◆ ACTIVITY: The data below is to be transcribed word for word; pictures are to be excluded.

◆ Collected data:
<<<<

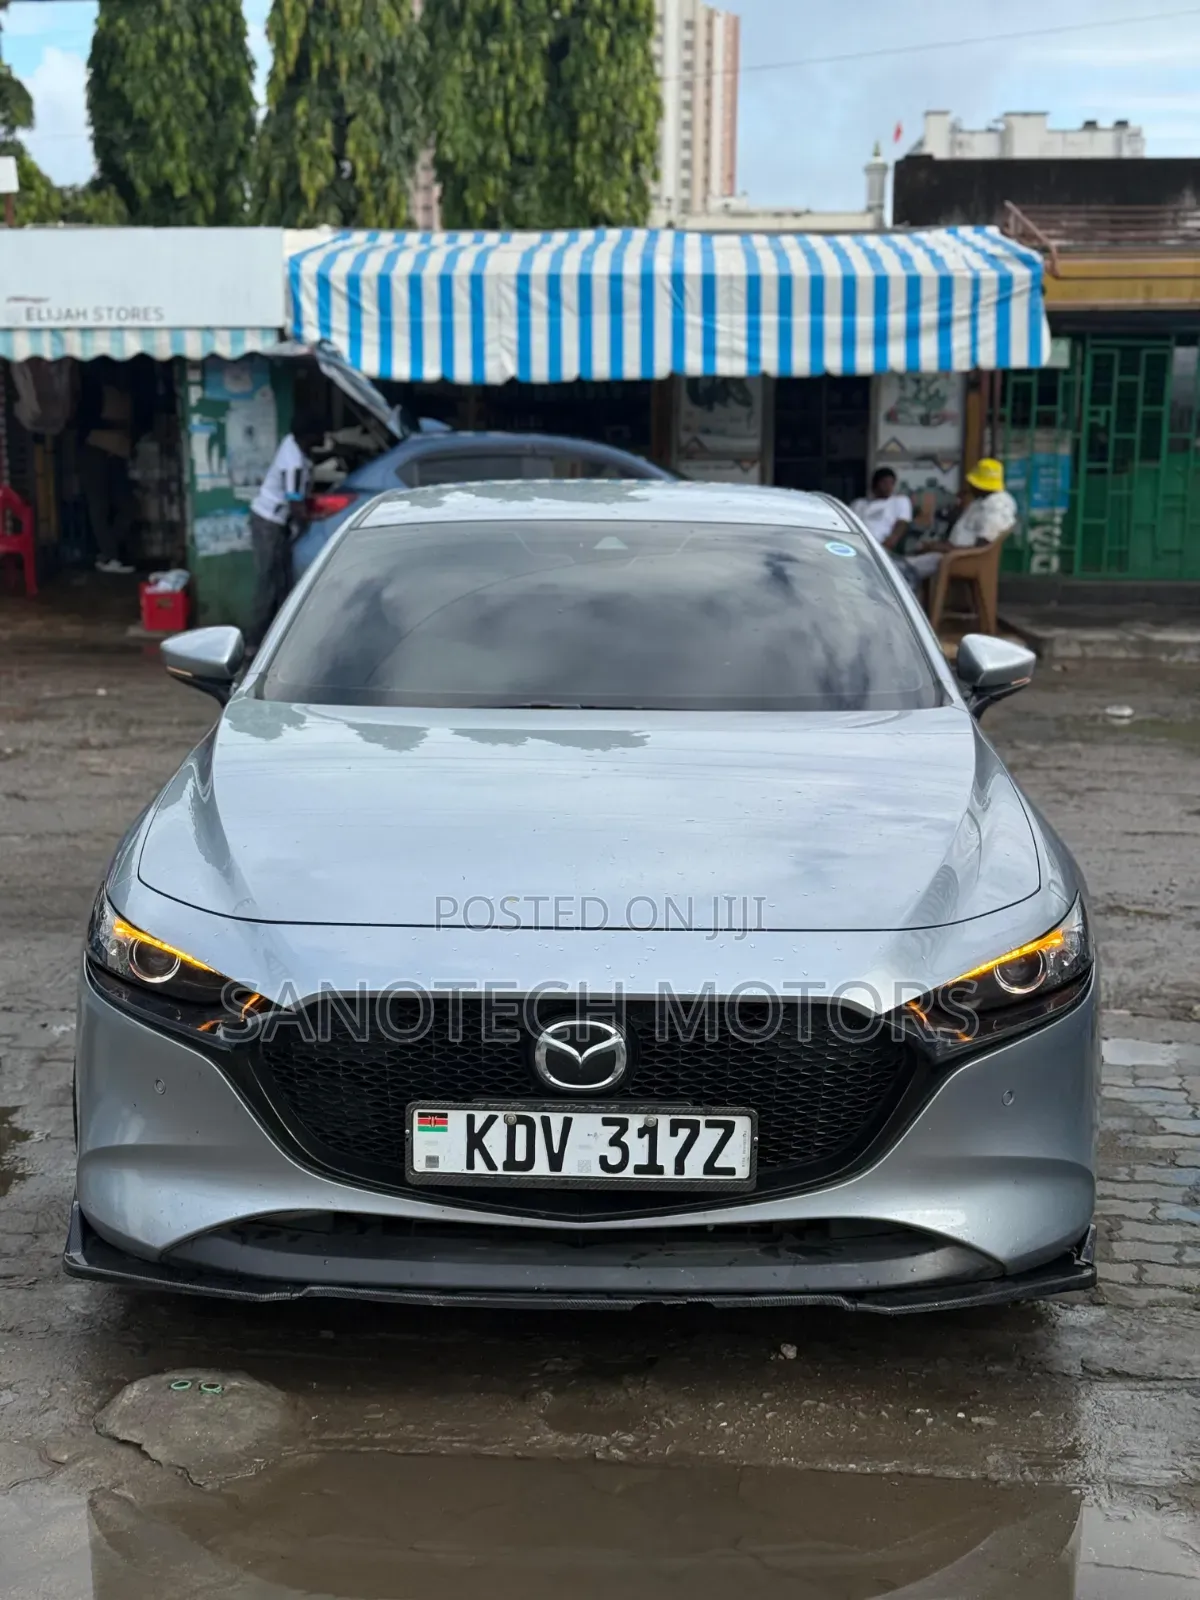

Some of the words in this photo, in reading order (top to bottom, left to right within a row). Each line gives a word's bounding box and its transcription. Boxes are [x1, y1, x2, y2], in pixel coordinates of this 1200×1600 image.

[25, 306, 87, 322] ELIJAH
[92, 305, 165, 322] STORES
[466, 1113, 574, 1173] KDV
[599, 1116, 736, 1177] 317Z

>>>>

◆ RESPONSE:
Some of the words in this photo, in reading order (top to bottom, left to right within a row). Each line gives a word's bounding box and its transcription. Boxes are [x1, y1, x2, y2], in pixel coordinates of this 1200×1600 image.

[25, 306, 87, 322] ELIJAH
[92, 305, 165, 322] STORES
[466, 1113, 574, 1173] KDV
[599, 1116, 736, 1177] 317Z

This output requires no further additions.